Throughout the metropolitan epicenter, street vendors (begrudgingly part of the hospitality industry) attract a variety of customers. It is not uncommon to see long lines of patrons including workers from private and public service, students, shoppers, tourists, and formally attired professionals in bustling city commercial districts, particularly at lunch time.

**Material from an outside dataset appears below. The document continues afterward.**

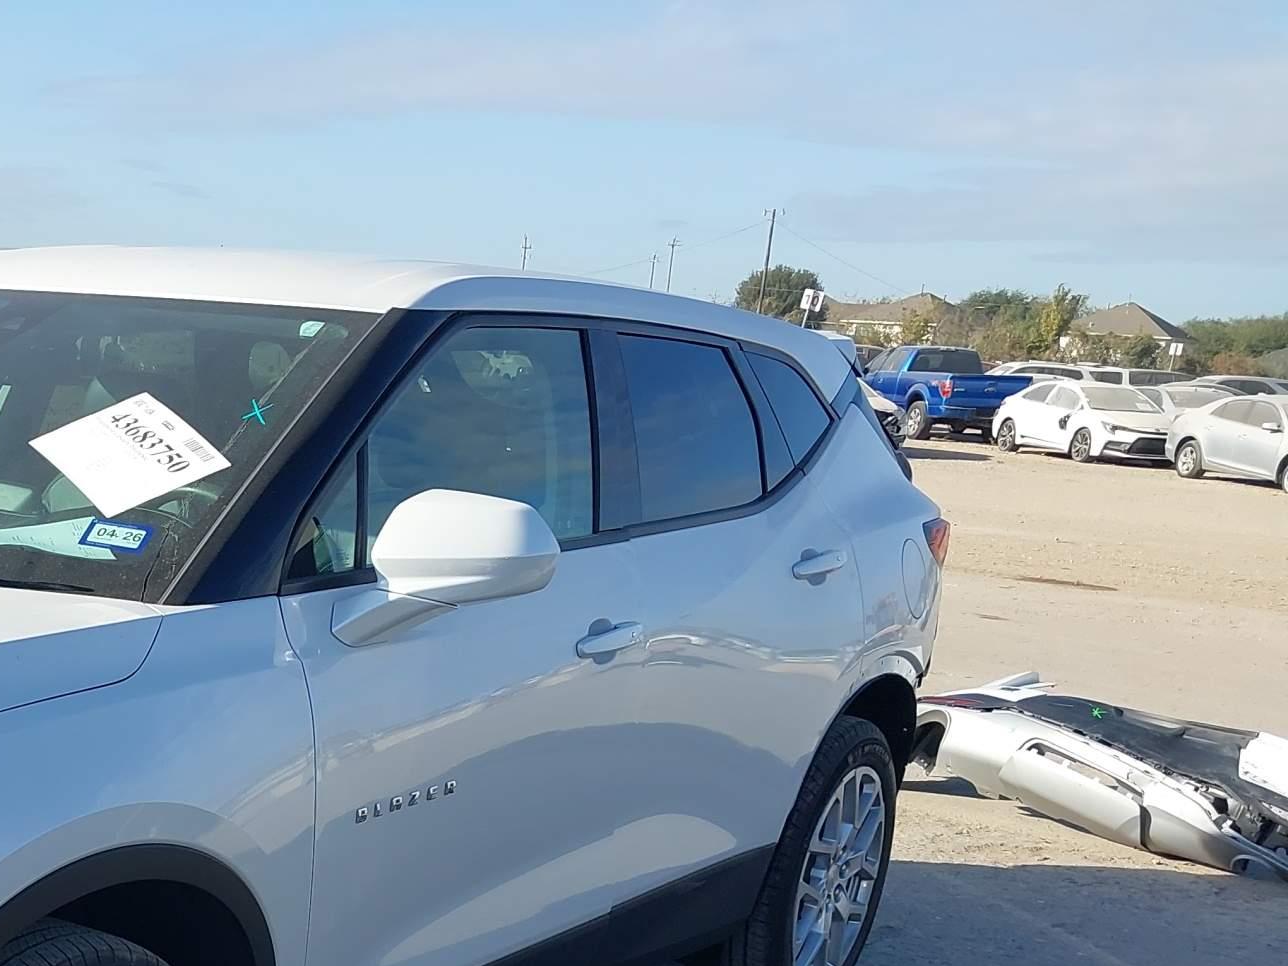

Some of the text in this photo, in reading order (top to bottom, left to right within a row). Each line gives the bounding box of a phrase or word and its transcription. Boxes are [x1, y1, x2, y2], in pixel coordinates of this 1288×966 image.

The culinary skilled vendor has been a popular daytime fixture cradled in the shadows of aging pristine edifices and burgeoning erected skyscrapers, condominiums and luxury developments – evidence of perpetual gentrification. Some vendors specialize in snacks such as gyros, tacos, hot dogs and churros while others a more varied ethnic menu. One can imagine the exorbitant fees required to operate these marginalized roadside center-city vending sites.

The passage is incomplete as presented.